Records from a dataset:
· · · · ·

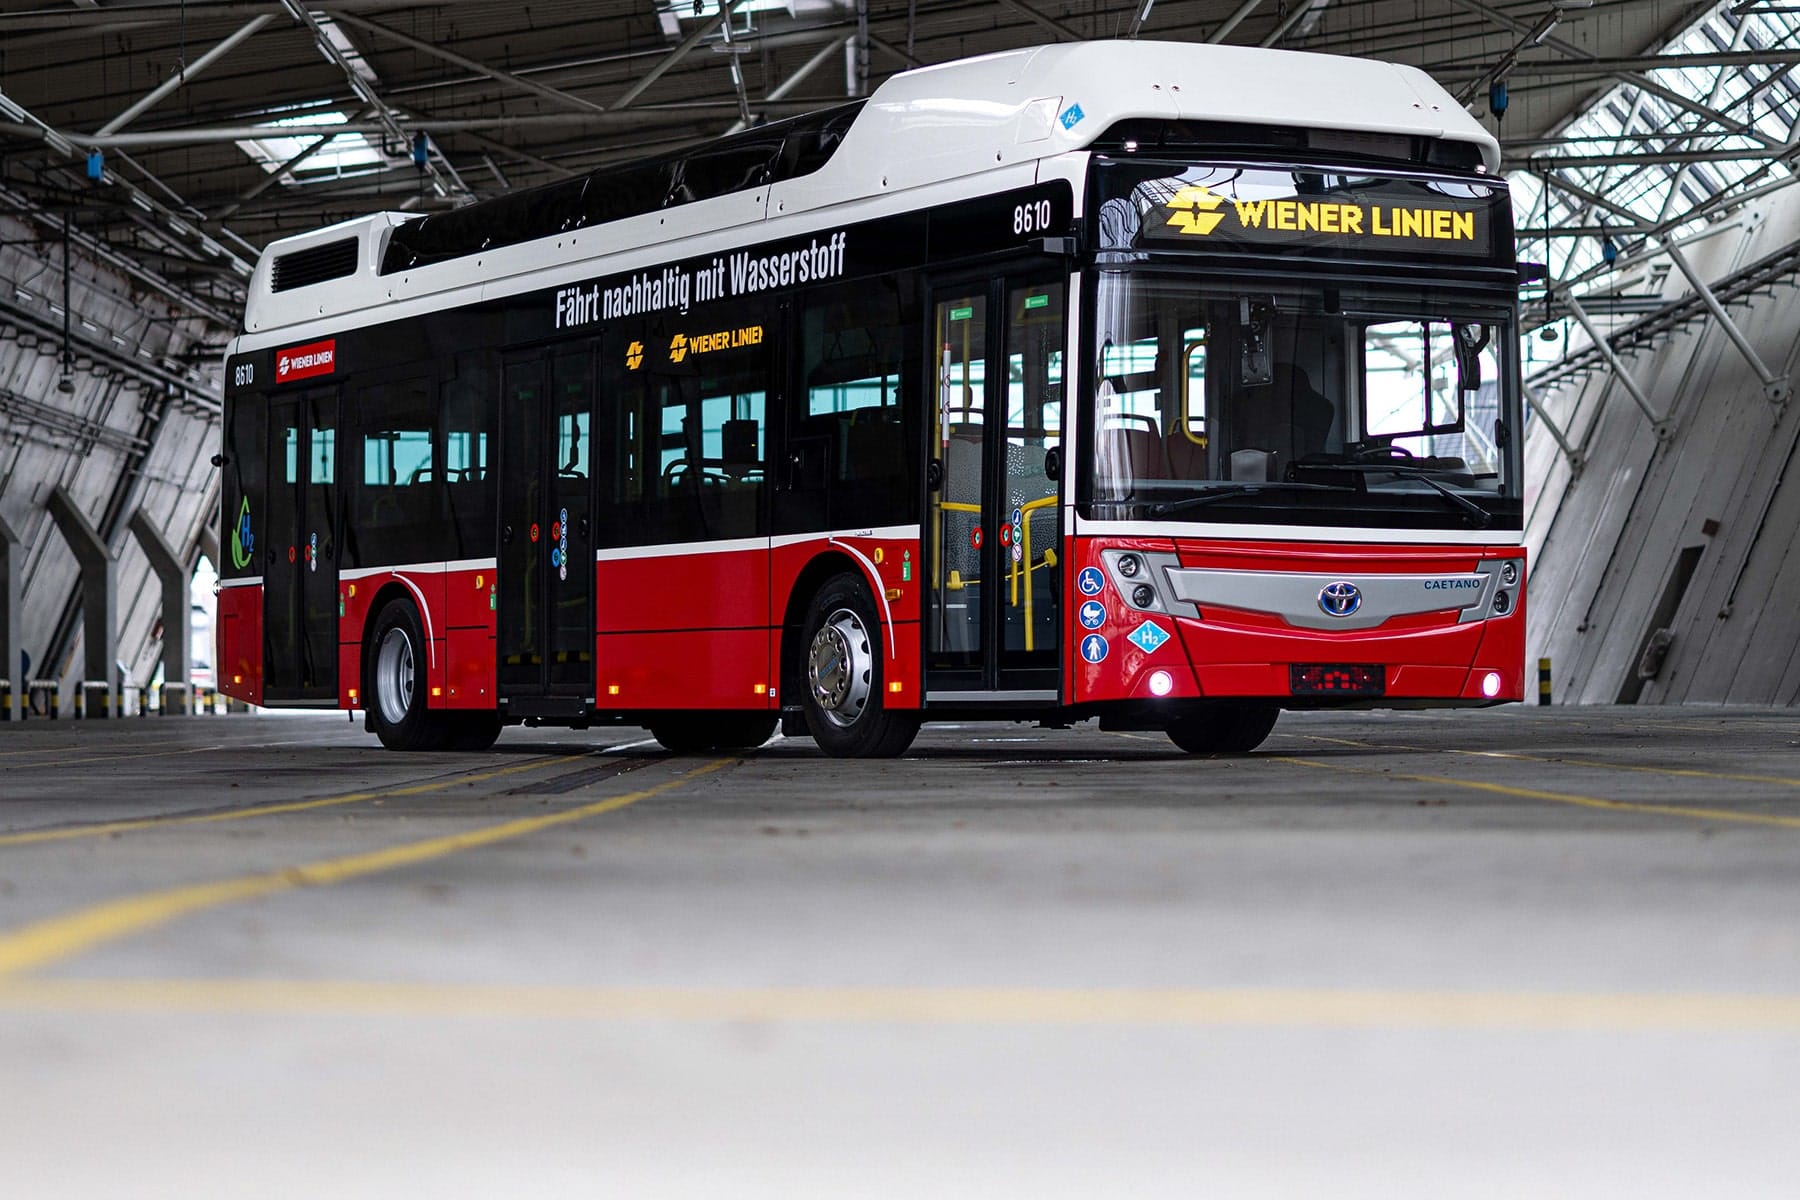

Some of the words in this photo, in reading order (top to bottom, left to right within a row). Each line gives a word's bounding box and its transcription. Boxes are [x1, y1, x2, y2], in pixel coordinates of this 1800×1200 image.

[1014, 200, 1050, 234] 8610
[1234, 198, 1363, 234] WIENER
[1371, 206, 1474, 240] LINIEN
[555, 284, 599, 328] Fährt
[602, 265, 689, 316] nachhaltig
[695, 258, 725, 302] mit
[730, 231, 846, 296] Wasserstoff
[689, 331, 730, 354] WIENER
[291, 354, 313, 370] WIENER
[313, 350, 333, 366] LINIEN
[235, 363, 254, 387] 8610
[1424, 579, 1480, 590] CAETANO
[1141, 630, 1159, 645] H2
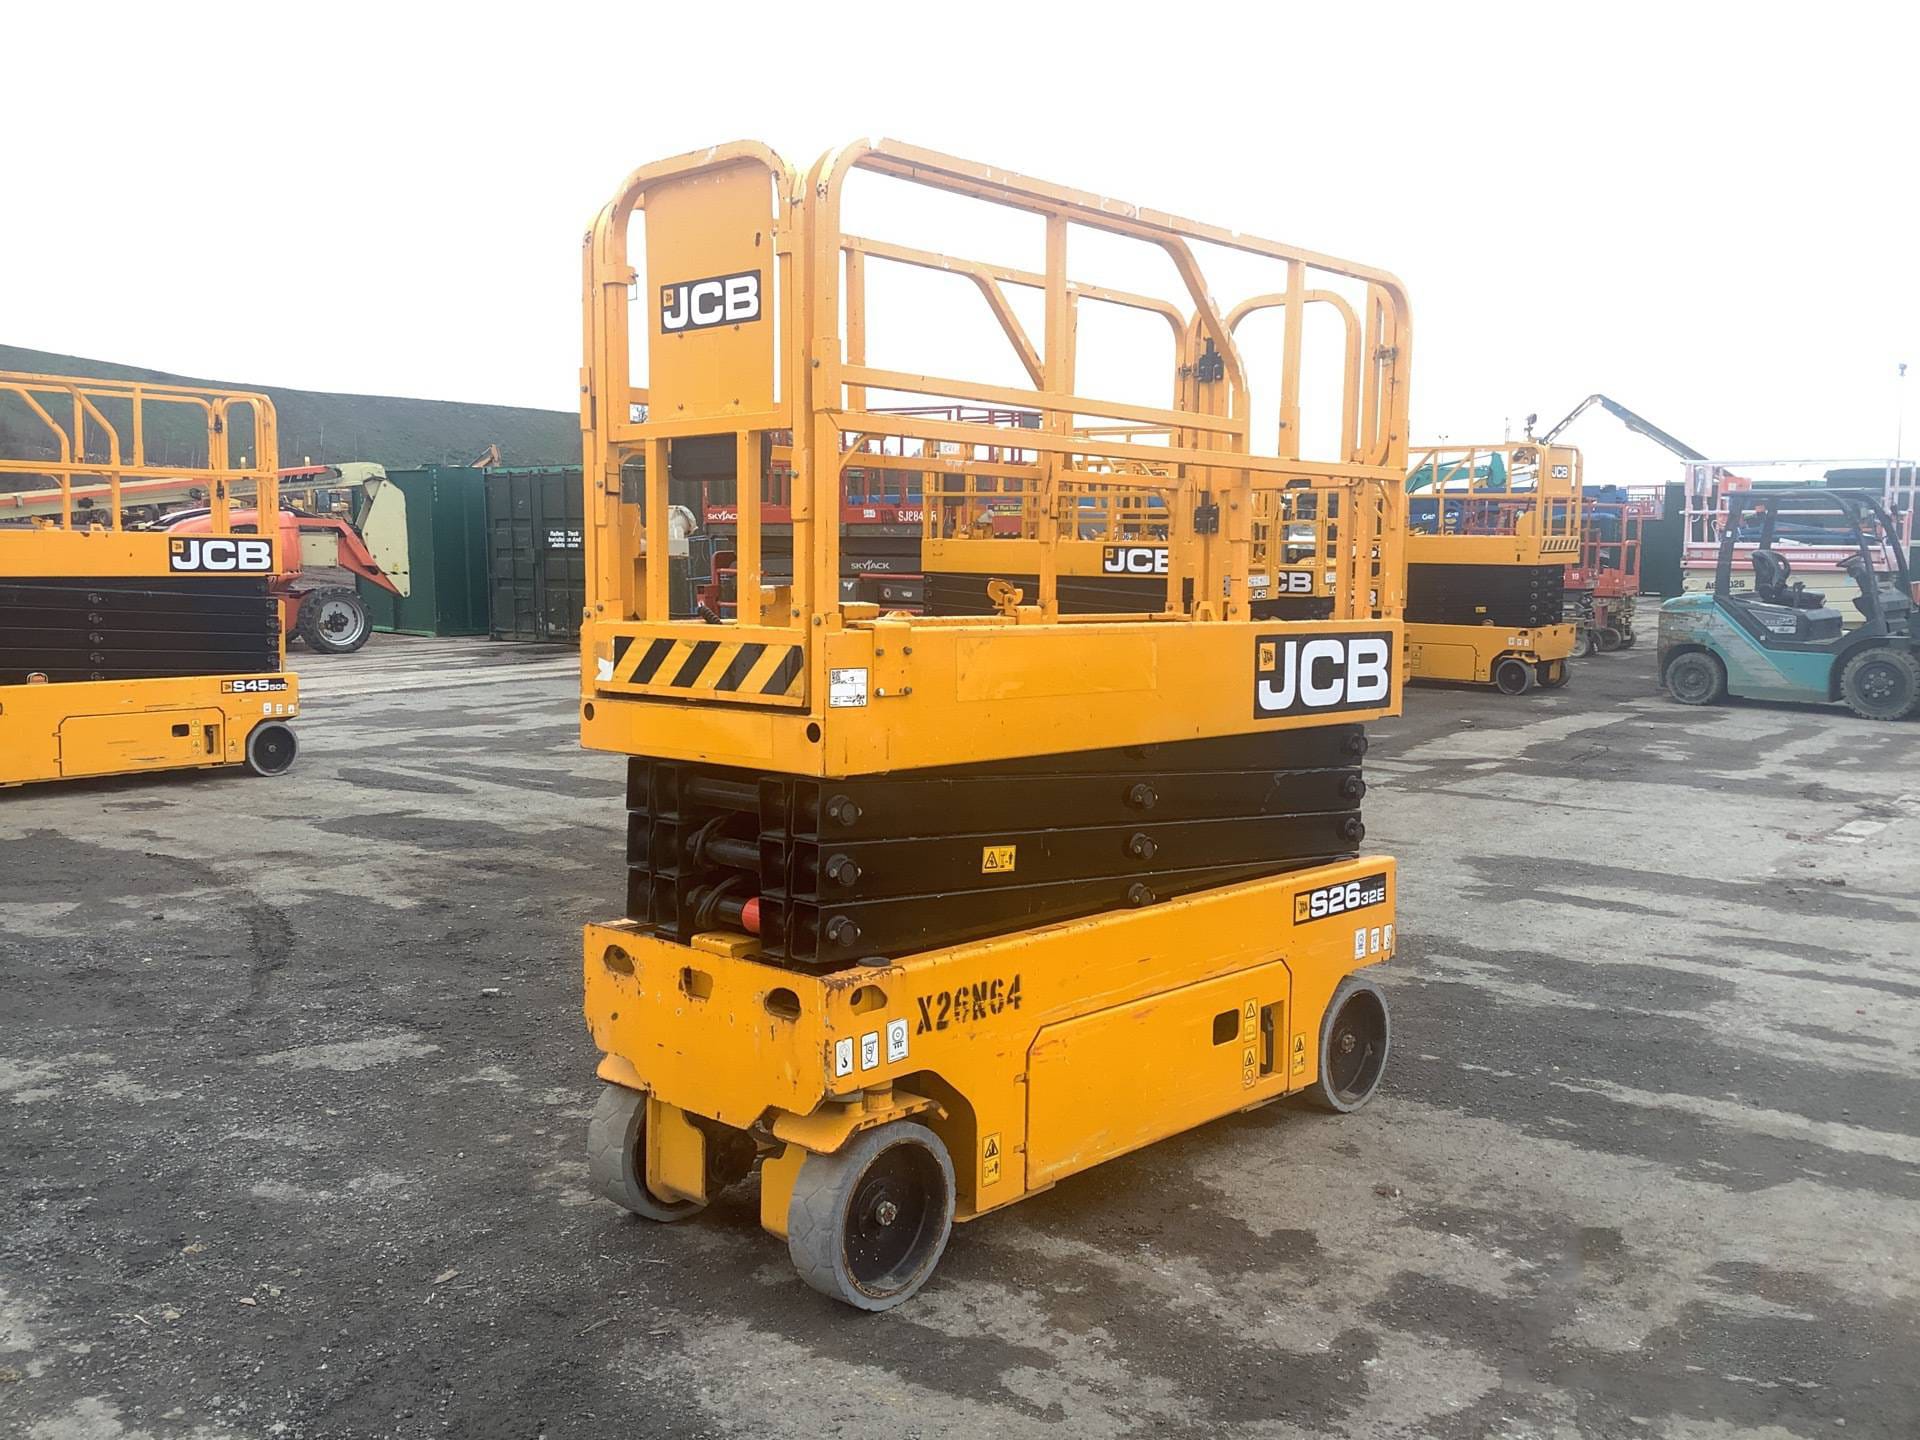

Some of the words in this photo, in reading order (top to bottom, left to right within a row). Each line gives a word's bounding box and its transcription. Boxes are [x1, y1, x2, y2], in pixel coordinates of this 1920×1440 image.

[663, 276, 759, 329] JCB
[1552, 466, 1568, 478] JCB
[707, 510, 738, 521] SKYJAC
[172, 540, 271, 570] JCB
[851, 560, 890, 570] SKYJACK
[1252, 589, 1267, 599] JCB
[1259, 639, 1389, 710] JCB
[917, 974, 1021, 1035] X26N64

· · · · ·

◆ PROBLEM REQUIREMENTS
Write the records out again exactly; none of the pictures belong in the copy.

◆ RESPONSE AREA
Some of the words in this photo, in reading order (top to bottom, left to right within a row). Each line gives a word's bounding box and its transcription. Boxes are [x1, y1, x2, y2], in pixel coordinates of this 1800×1200 image.

[1014, 200, 1050, 234] 8610
[1234, 198, 1363, 234] WIENER
[1371, 206, 1474, 240] LINIEN
[555, 284, 599, 328] Fährt
[602, 265, 689, 316] nachhaltig
[695, 258, 725, 302] mit
[730, 231, 846, 296] Wasserstoff
[689, 331, 730, 354] WIENER
[291, 354, 313, 370] WIENER
[313, 350, 333, 366] LINIEN
[235, 363, 254, 387] 8610
[1424, 579, 1480, 590] CAETANO
[1141, 630, 1159, 645] H2

Some of the words in this photo, in reading order (top to bottom, left to right within a row). Each line gives a word's bounding box and its transcription. Boxes are [x1, y1, x2, y2], in pixel coordinates of this 1920×1440 image.

[663, 276, 759, 329] JCB
[1552, 466, 1568, 478] JCB
[707, 510, 738, 521] SKYJAC
[172, 540, 271, 570] JCB
[851, 560, 890, 570] SKYJACK
[1252, 589, 1267, 599] JCB
[1259, 639, 1389, 710] JCB
[917, 974, 1021, 1035] X26N64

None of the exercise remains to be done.